At Hiram's command, the off pointer, Molly, had stepped daintily over the heavy chain that ran between her and her mate, and now both of them were pulling the heavy tongue at right angles to the left, the wheelers helping. As neatly as most men might have made the corner with a single buggy, the string of ten and the heavy wagon swung into the intersecting street, as narrow as the other, and not a hub touched.
Jerkline Jo's dark eyes were sparkling. "You've got a job, Hiram," she said. "A jerkline driver who can make that corner without scraping a hub is a real jerkline driver."
"Thank you," replied Hiram, with a merry grin, thrilling at her use of his given name. "And I'll say that the man that trained this team was a jerkline driver, too."
"A man didn't train them," Jerkline Jo informed him proudly. "I trained them."
"Just the same," returned Hiram, "I stick by what I said."
"Now you take the line, Mr. Tweet," instructed Jerkline Jo.
"I don't care for it," said Tweet. "I'm a promoter and capitalist. I'll go to work and get a job here in this burg, Miss Jo, and pay you for my transportation down when I've earned the price. But I have a sneaking feeling that Molly wouldn't care for the cadence of my voice; and Pete he eyed me kinda suspiciously when Hiram led 'im out. No—there's a limit. I've reached it."
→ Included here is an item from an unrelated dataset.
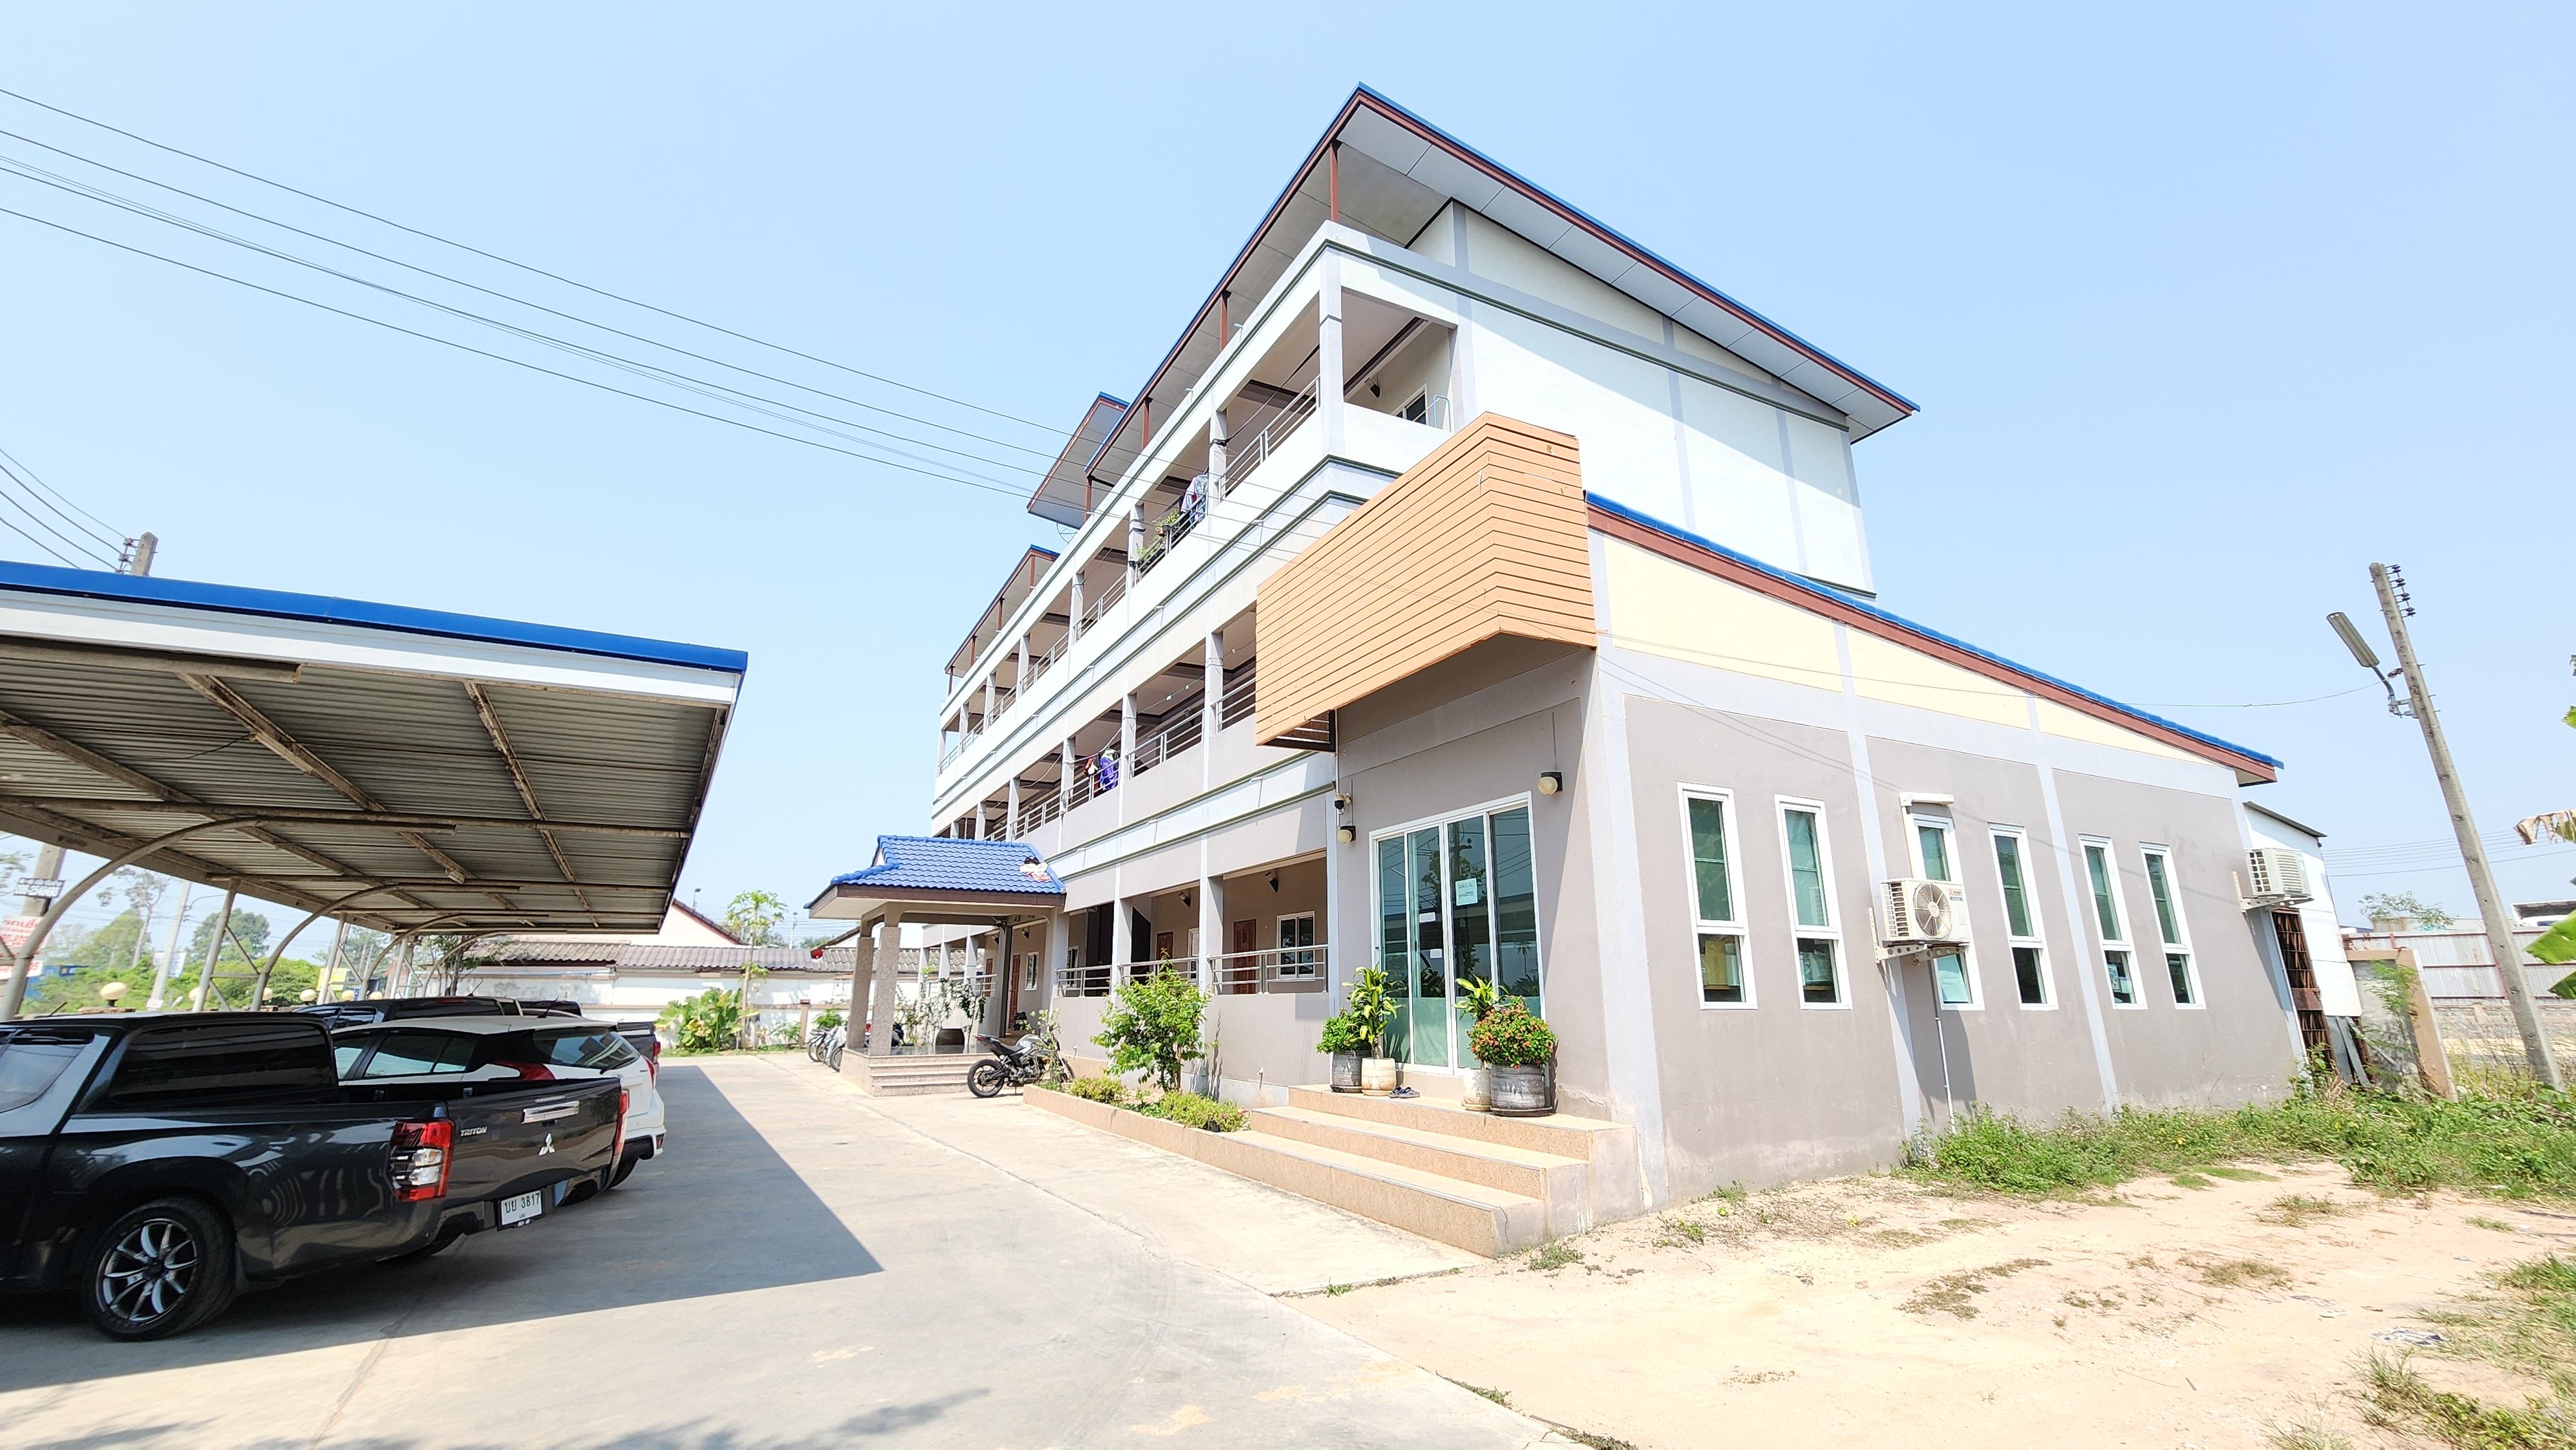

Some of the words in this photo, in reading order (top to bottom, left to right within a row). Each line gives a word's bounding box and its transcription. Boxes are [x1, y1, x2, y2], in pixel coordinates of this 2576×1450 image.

"Drive back to the stable, Hiram," Jo ordered. "We'll start for Julia at once."
She turned to Tweet. "I'm sorry," she said. "Why did you ship down here as a jerkline skinner, Mr. Tweet? You came over a rival railroad, of course, and your transportation will cost me full fare."
"Madam," he replied guiltily, "I was broke, and just had to get outa Frisco. And I couldn't leave Hiram. Why, that boy would 'a' been a suicide, if it hadn't been for me. He was in love, and wouldn't work, and in another day he'd been broke—a hick from Wild-cat Hill alone and friendless and in love in big, cruel San Francisco. If it wasn't for me, you'd never got 'im."